Anyway though, I'm pretty sure that if I ever came across a doctor who wasn't mine, I'd be as likely to get on with them as I am with anybody. I have even made conversation with a woman who thinks mental healthcare is full of 'druggies' (which she says with that tone, you know the one). I'd probably extend to them the same sort of courtesy as I would a Daily Mail reader- I'd give it a shot. Actually, in my last job I did a lot of meetings with psychiatrists and never had an issue. Its just, I think, when it's my notes they're holding and my life they're judging.
I think there are two reasons for this. One is from being in hospital. For that 2.5yr admission, I had two psychs. The first didn't like me because I wouldn't beg for shit. He wouldn't let me go see Gatsby when it first came out at the cinema, because I told him not to spit his dummy out over something. He told me that the staff didn't like me and all this power trip crap. Eventually, I changed psych and my new one was fair. Even though I didn't often get what I want, he was decent about it. I still get anxious about appointments because of the first guy, even though the second one was fine.
The other reason I struggle with psychiatrists is that most of mine have men. I know this sounds awful, but powerful men terrify me. I've been burnt far too seriously to entertain a fire. And psychiatrists, particularly as an inpatient but also in the community, have a lot of power.
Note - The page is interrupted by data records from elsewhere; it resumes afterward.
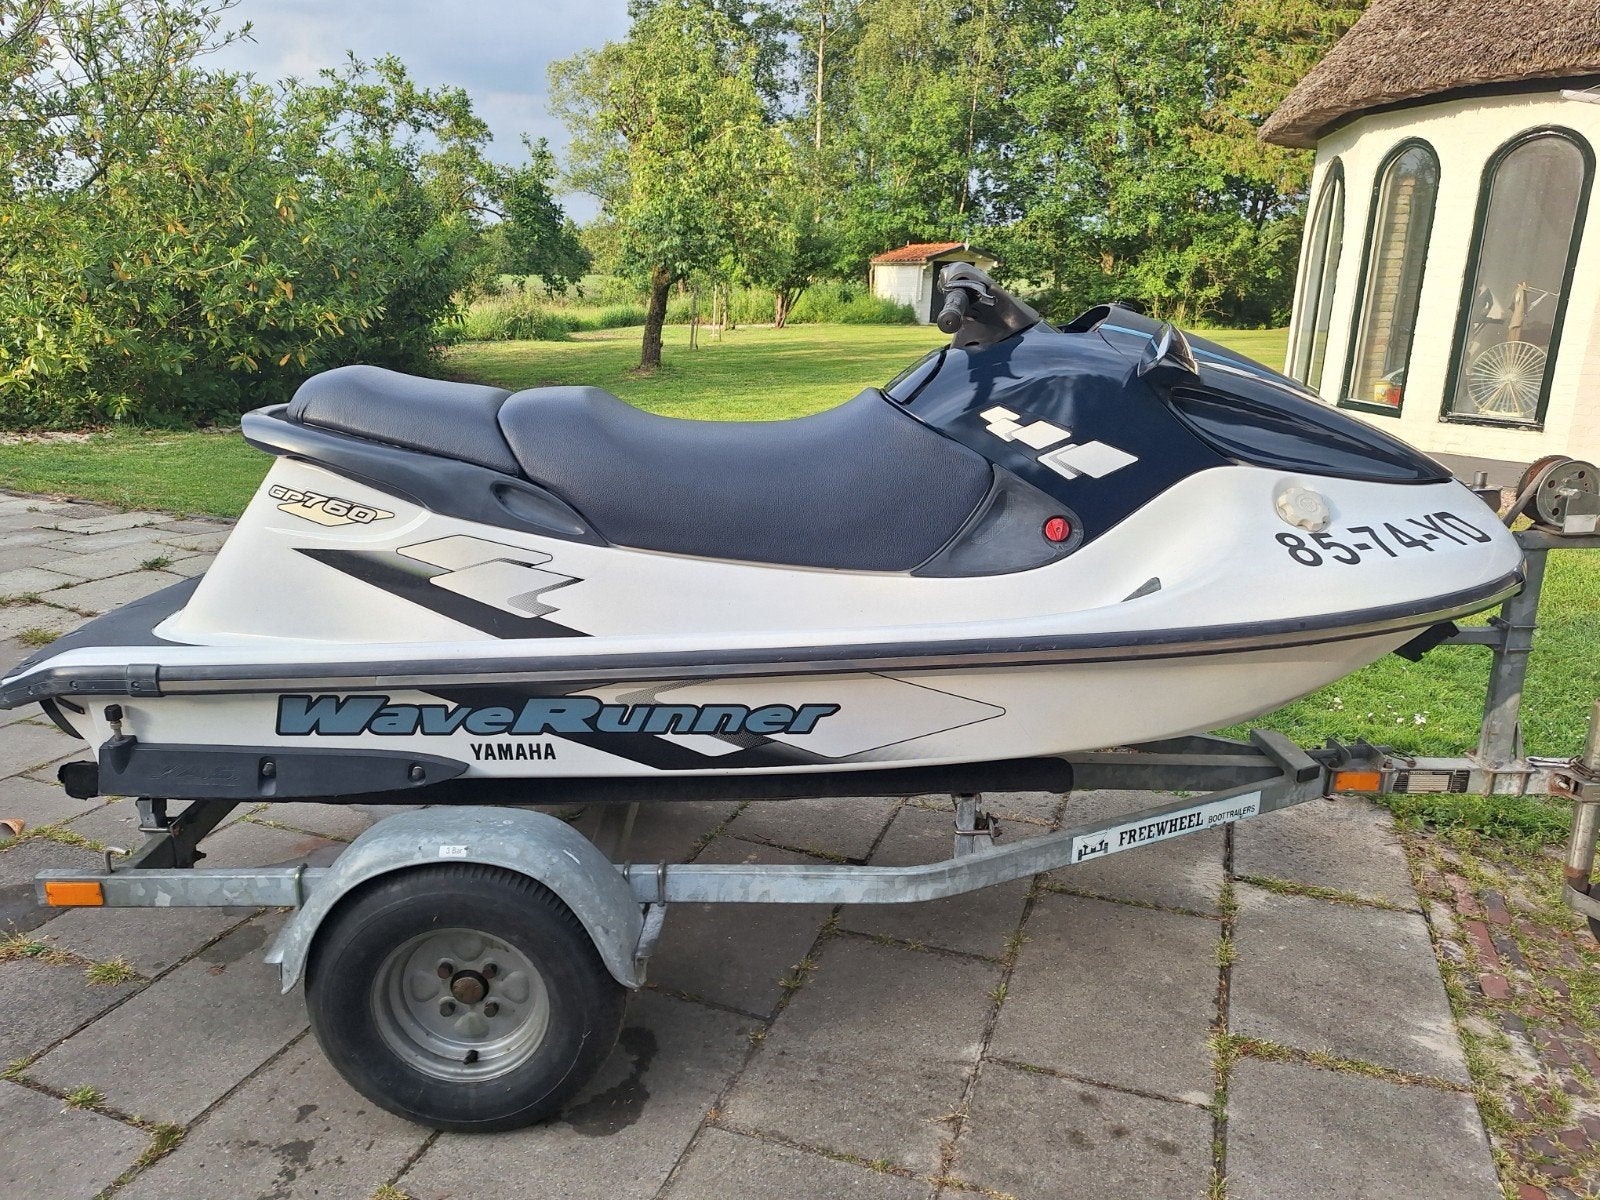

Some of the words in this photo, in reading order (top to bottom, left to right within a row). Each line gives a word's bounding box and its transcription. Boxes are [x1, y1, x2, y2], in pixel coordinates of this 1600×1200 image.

[1275, 511, 1492, 567] 85-74-YD
[276, 694, 841, 736] WaveRunner
[470, 743, 556, 760] YAMAHA
[1119, 812, 1203, 846] FREEWHEEL
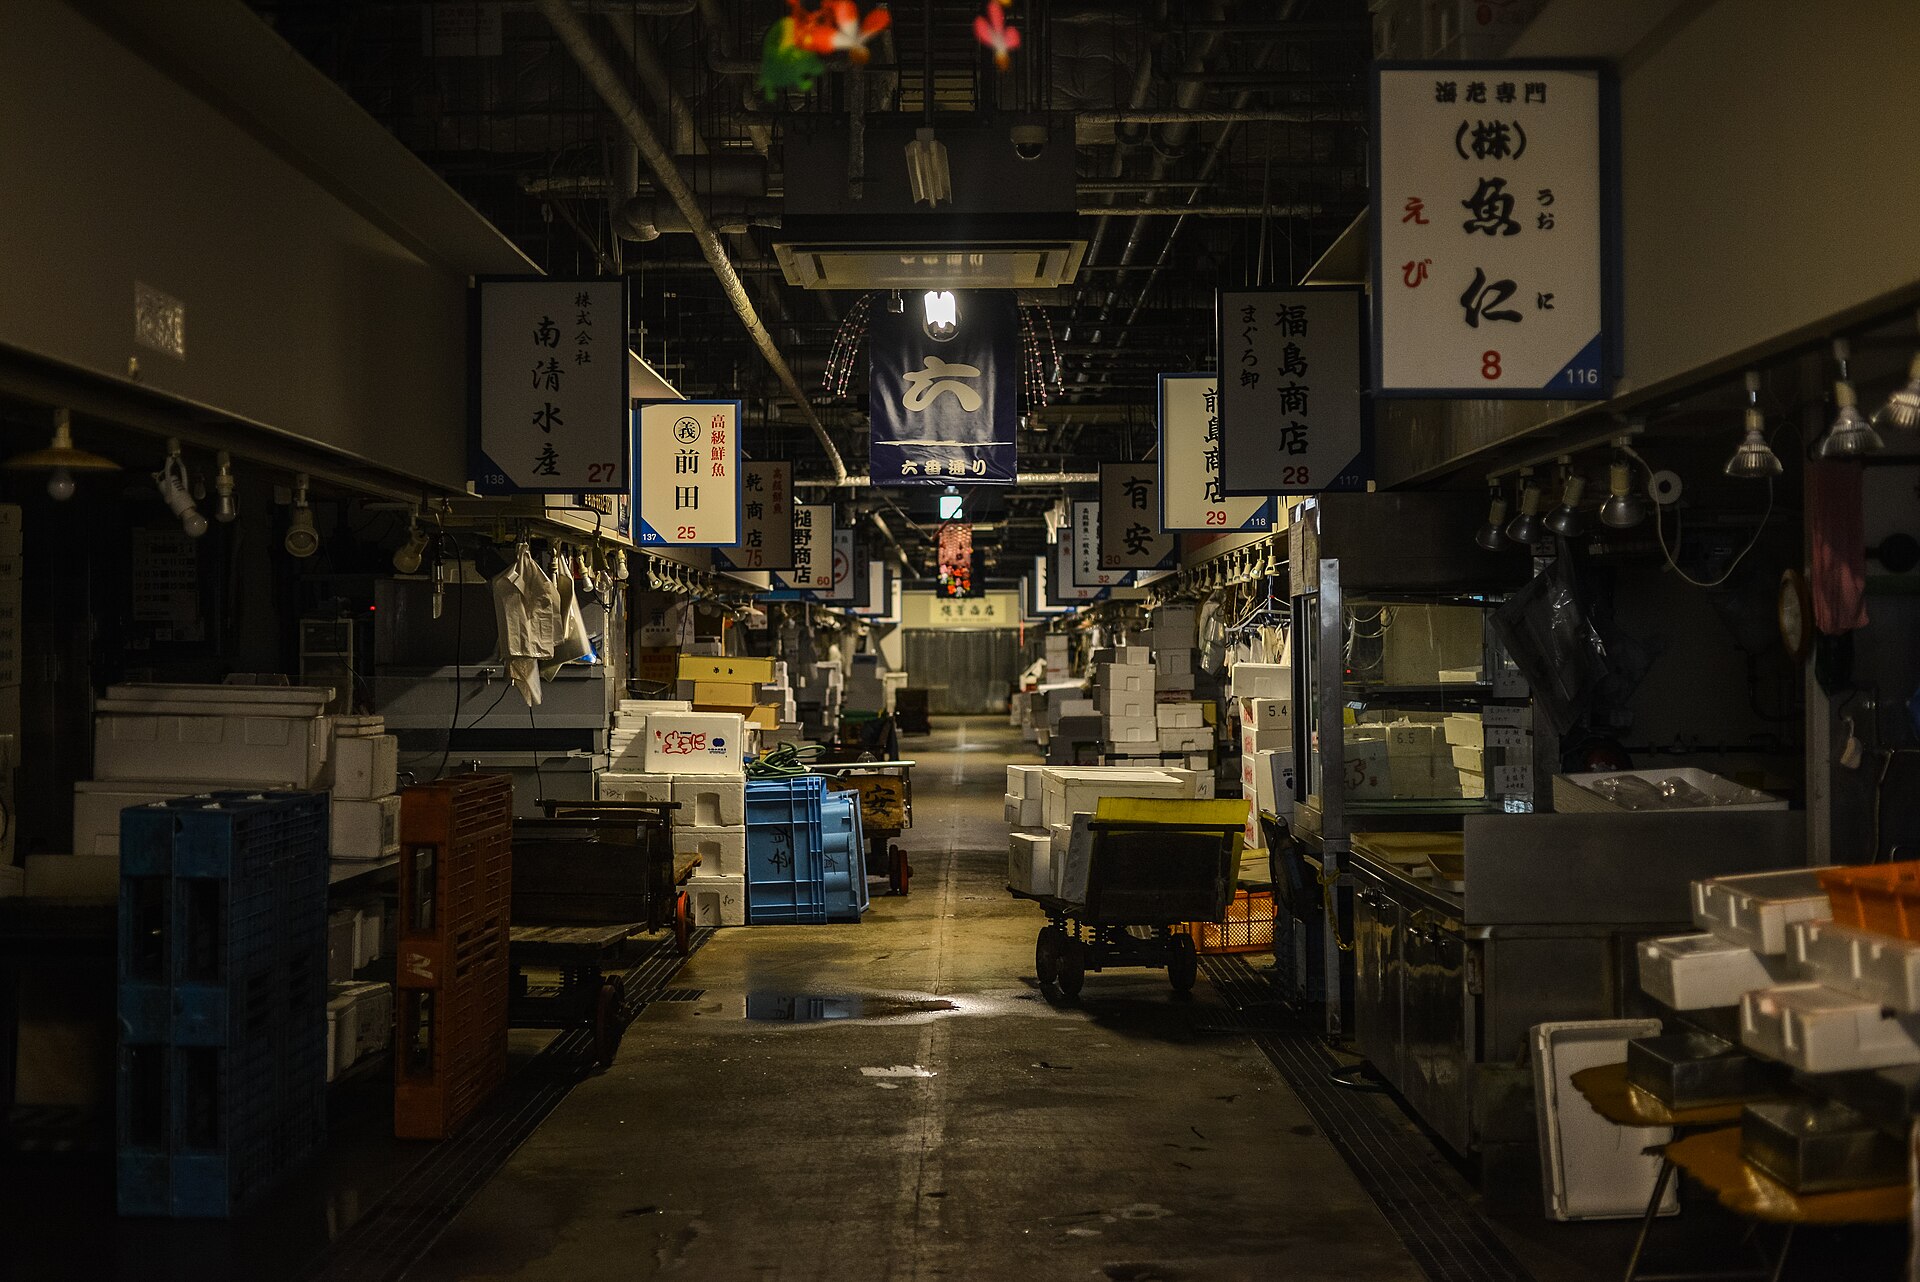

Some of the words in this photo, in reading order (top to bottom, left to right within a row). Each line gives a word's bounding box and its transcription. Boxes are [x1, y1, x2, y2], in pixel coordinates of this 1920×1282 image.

I had an appointment today and it went as well as they ever do. And by that, I mean the doctor agreed to me starting to come off my antipsychotic (but it's going to be extremely slow because of how risky it is. I won't be off it totally for at least 6 months) which was good and exciting and I'll post about that itself soon. But then we had an argument about my diagnosis (that's another thing that will get its own post!) and he stormed off without doing me a prescription and then refused when I chased him. Another psych spitting his dummy out. Petty.